START Extracted records

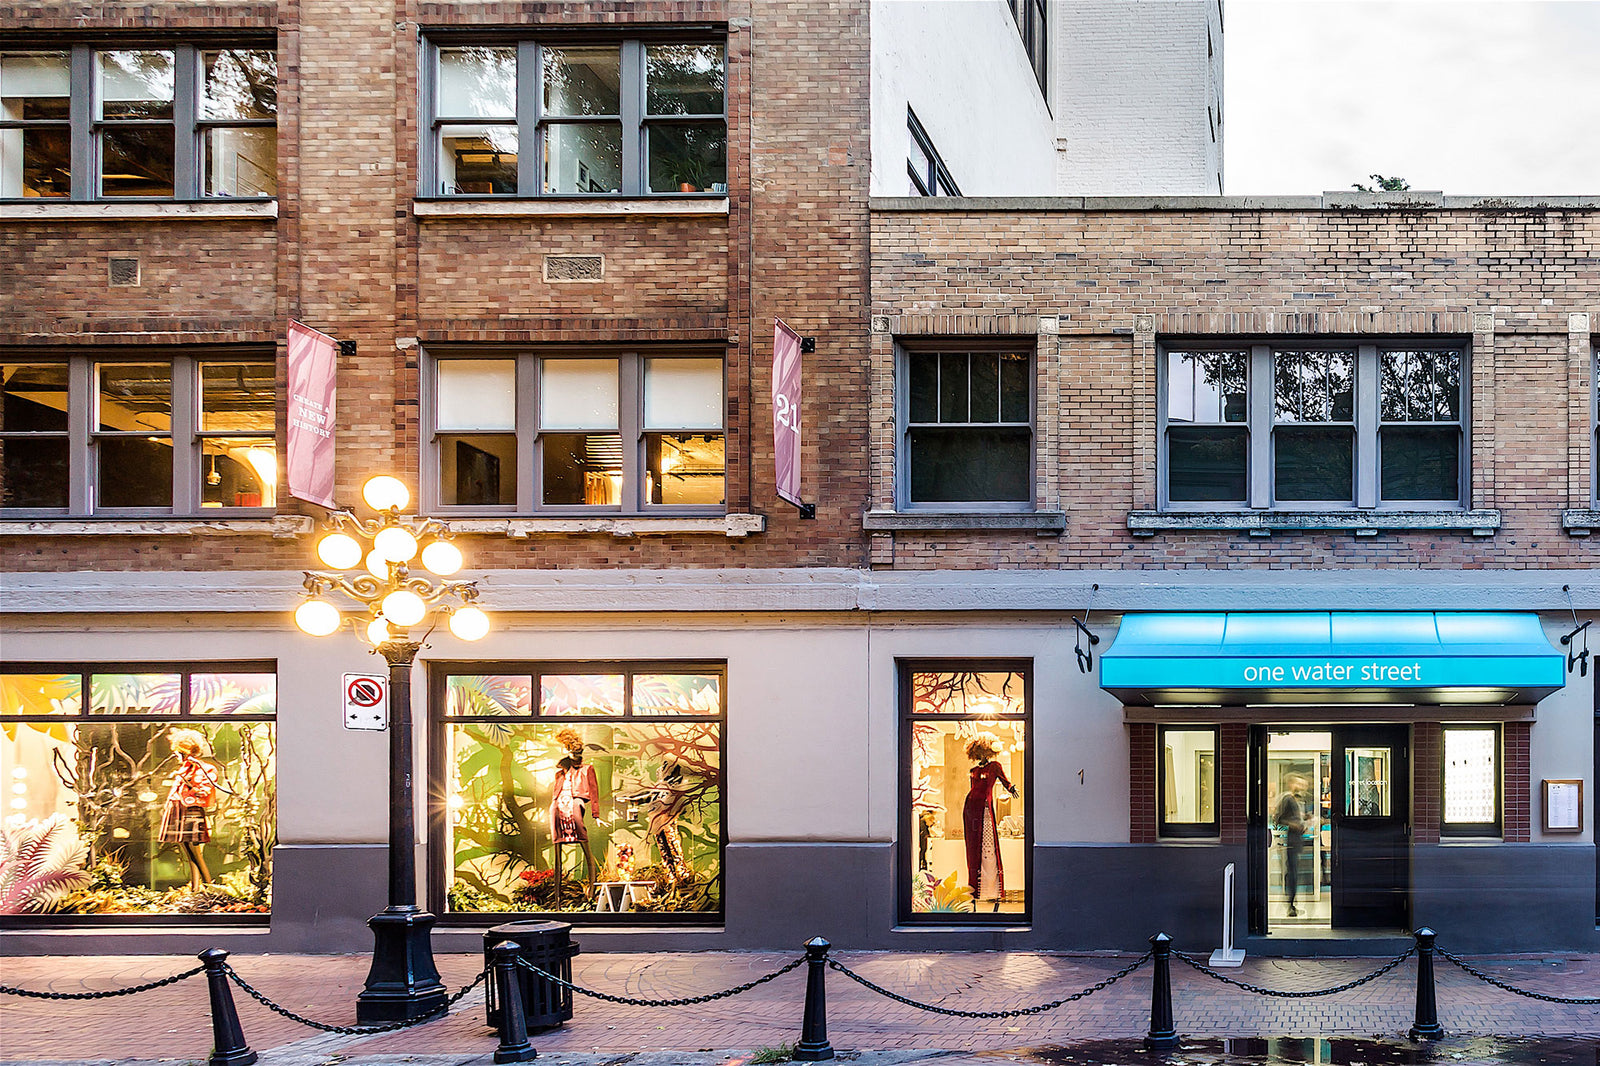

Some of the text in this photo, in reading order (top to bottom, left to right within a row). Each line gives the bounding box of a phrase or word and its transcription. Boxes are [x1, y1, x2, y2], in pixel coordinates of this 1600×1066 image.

[293, 394, 330, 414] CREATE A
[776, 394, 799, 434] 21
[298, 406, 326, 425] NEW
[293, 419, 331, 439] HISTORY
[1243, 662, 1421, 682] one water street
[1077, 768, 1085, 786] 1

END Extracted records

Would you transcribe all of the data exactly, omitting any pictures?

Result of this exercise >>
Some of the text in this photo, in reading order (top to bottom, left to right within a row). Each line gives the bounding box of a phrase or word and its transcription. Boxes are [x1, y1, x2, y2], in pixel coordinates of this 1600×1066 image.

[293, 394, 330, 414] CREATE A
[776, 394, 799, 434] 21
[298, 406, 326, 425] NEW
[293, 419, 331, 439] HISTORY
[1243, 662, 1421, 682] one water street
[1077, 768, 1085, 786] 1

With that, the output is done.